Thursday 26 April 2018

‘Spider season’ is upon us as wet weather has tricked the creatures into thinking it’s mating time

House spiders are making more frequent appearances indoors as breeding season arrives.

By Isabel Togoh and Edd Dracott

A wet August could be to blame for the early onset of “spider season” as an unfavourable end to summer has tricked spiders into a premature mating season, experts have said.

Poor outdoor conditions have prompted house spiders to seek shelter indoors from mid-August – a phenomenon which is not normally seen until late September through to November.

While we co-exist with the creatures throughout the year, sightings of large house spiders creep up as breeding season arrives and males scour homes looking for female mating partners.

David Cross, head of the technical training academy at Rentokil Pest Control, said: “Due to the poor weather conditions we had in August… the rain has tricked spiders into thinking autumn has arrived and they should be mating.”
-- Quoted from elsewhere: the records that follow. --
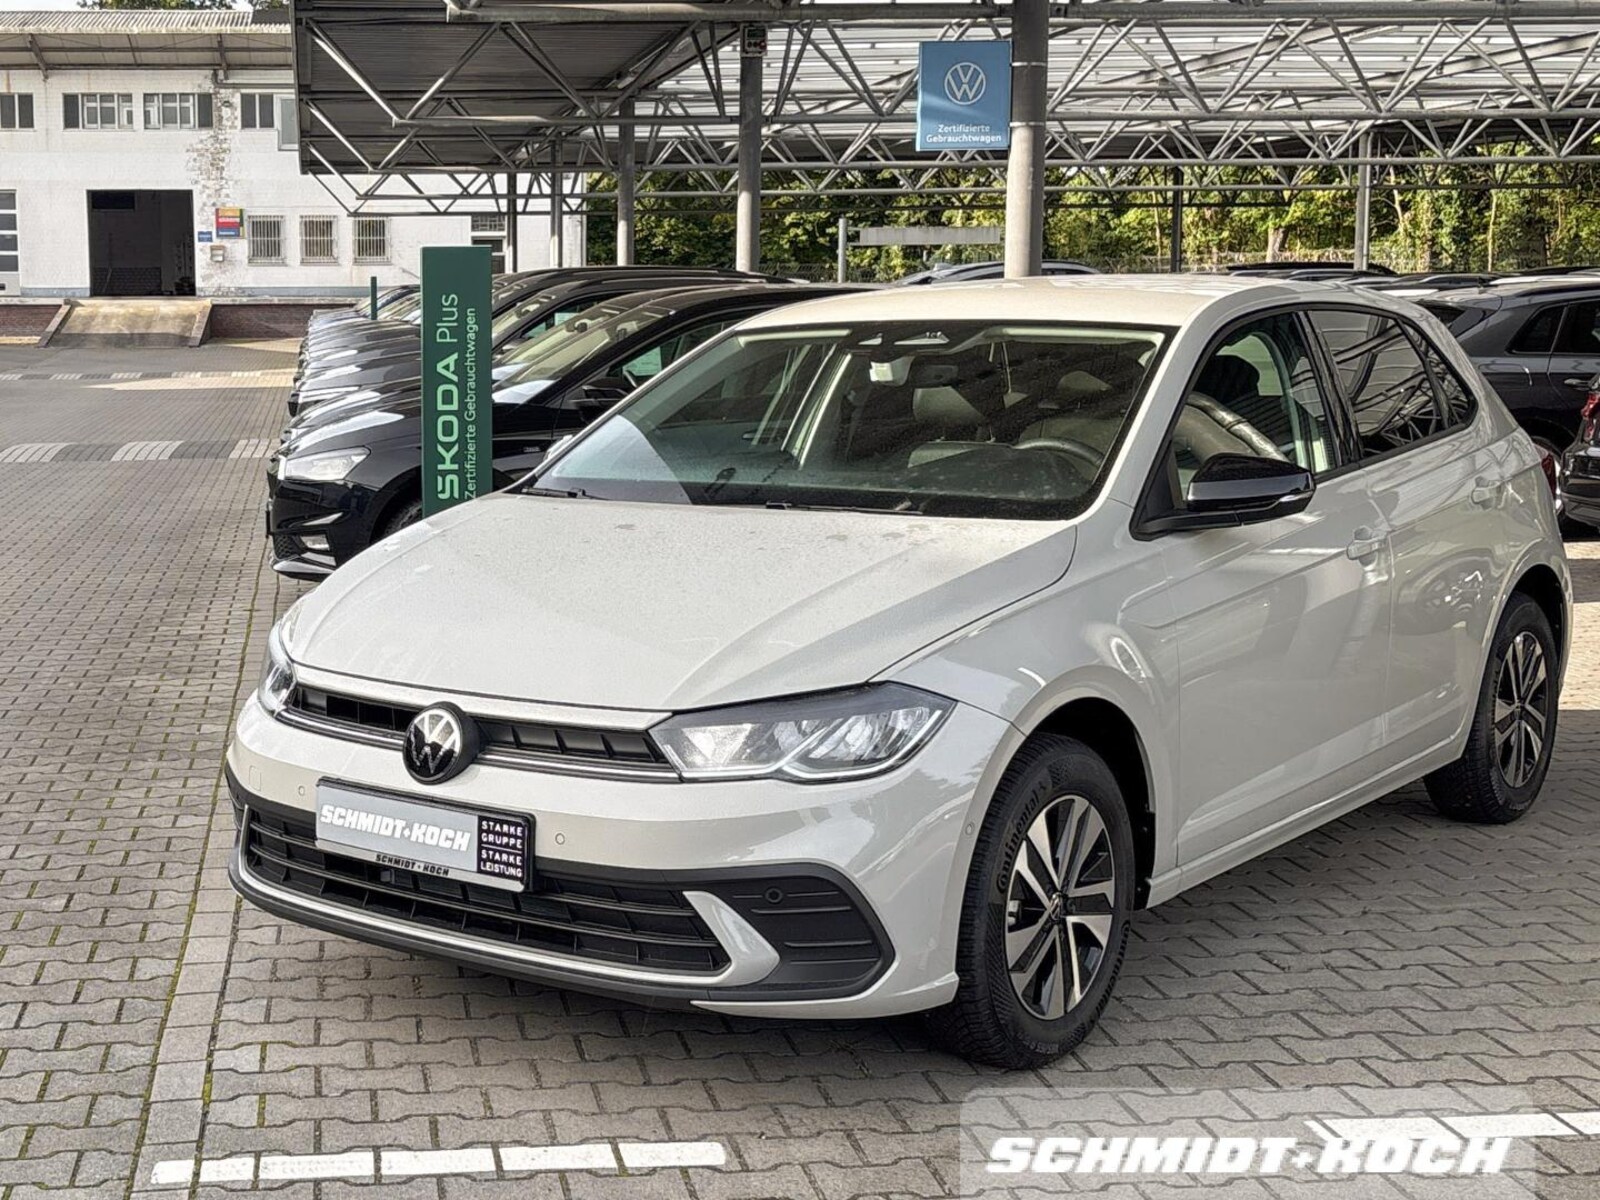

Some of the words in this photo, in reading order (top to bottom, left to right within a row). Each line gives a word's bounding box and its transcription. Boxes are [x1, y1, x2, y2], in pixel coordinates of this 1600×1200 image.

[938, 124, 990, 133] Zertifizierte
[926, 134, 1002, 144] Gebrauchtwagen
[436, 294, 459, 343] Plus
[464, 307, 478, 421] Gebrauchtwagen
[464, 424, 476, 500] Zertifizierte
[481, 820, 523, 837] STARKE
[481, 832, 522, 849] GRUPPE
[996, 793, 1040, 894] Continental
[376, 854, 416, 870] SCHMIDT
[423, 863, 450, 877] KOCH
[481, 849, 522, 866] STARKE
[480, 861, 522, 878] LEISTUNG
A slightly earlier start to summer also sparked a rise in the flying insect population – a sought-after source of protein for the eight-legged creatures.

Colin Campbell, an insect infestation specialist at Pest Professionals, said an increase in the population is down to food availability: “It’s probably that there’s more protein about in the form of flying insects, caused by a warmer and longer summer – or a summer which came earlier.

“If they are protein-eating spiders, it could be there’s more of an abundance of them and more flying insects around.”

There are up to six species of house spiders which invade homes from September and cause distress among arachnophobes. But those native to the UK are mostly harmless, Mr Campbell said.


The non-aggressive false widow spider – identified by its “bulbous abdomen” similar to the poisonous black widow – is venomous, but its bite amounts to little more than a bee sting.

Mr Campbell reassured fearful individuals that they should “never be alarmed” as most other spiders found in homes are not aggressive and do not bite.

Mr Cross said that the creatures are difficult to keep out because they are “genetically programmed” to seek shelter. However he advised people to seal gaps in doors and airbricks, as well as to “keep housekeeping up to scratch” by hoovering behind and under furniture.


The creepy crawlies act as nature’s own pest control as they help to reduce the population of target species, including wasps.

Mr Campbell told the Press Association: “Around 98% of queen wasps are predated by spiders over the winter months. If it wasn’t for spiders, you could imagine the explosion we would have in wasp control – it would become a nightmare.”

He added: “People really need to understand that they’re a very important part of the food chain and they deal with a lot of the pests which do cause problems.”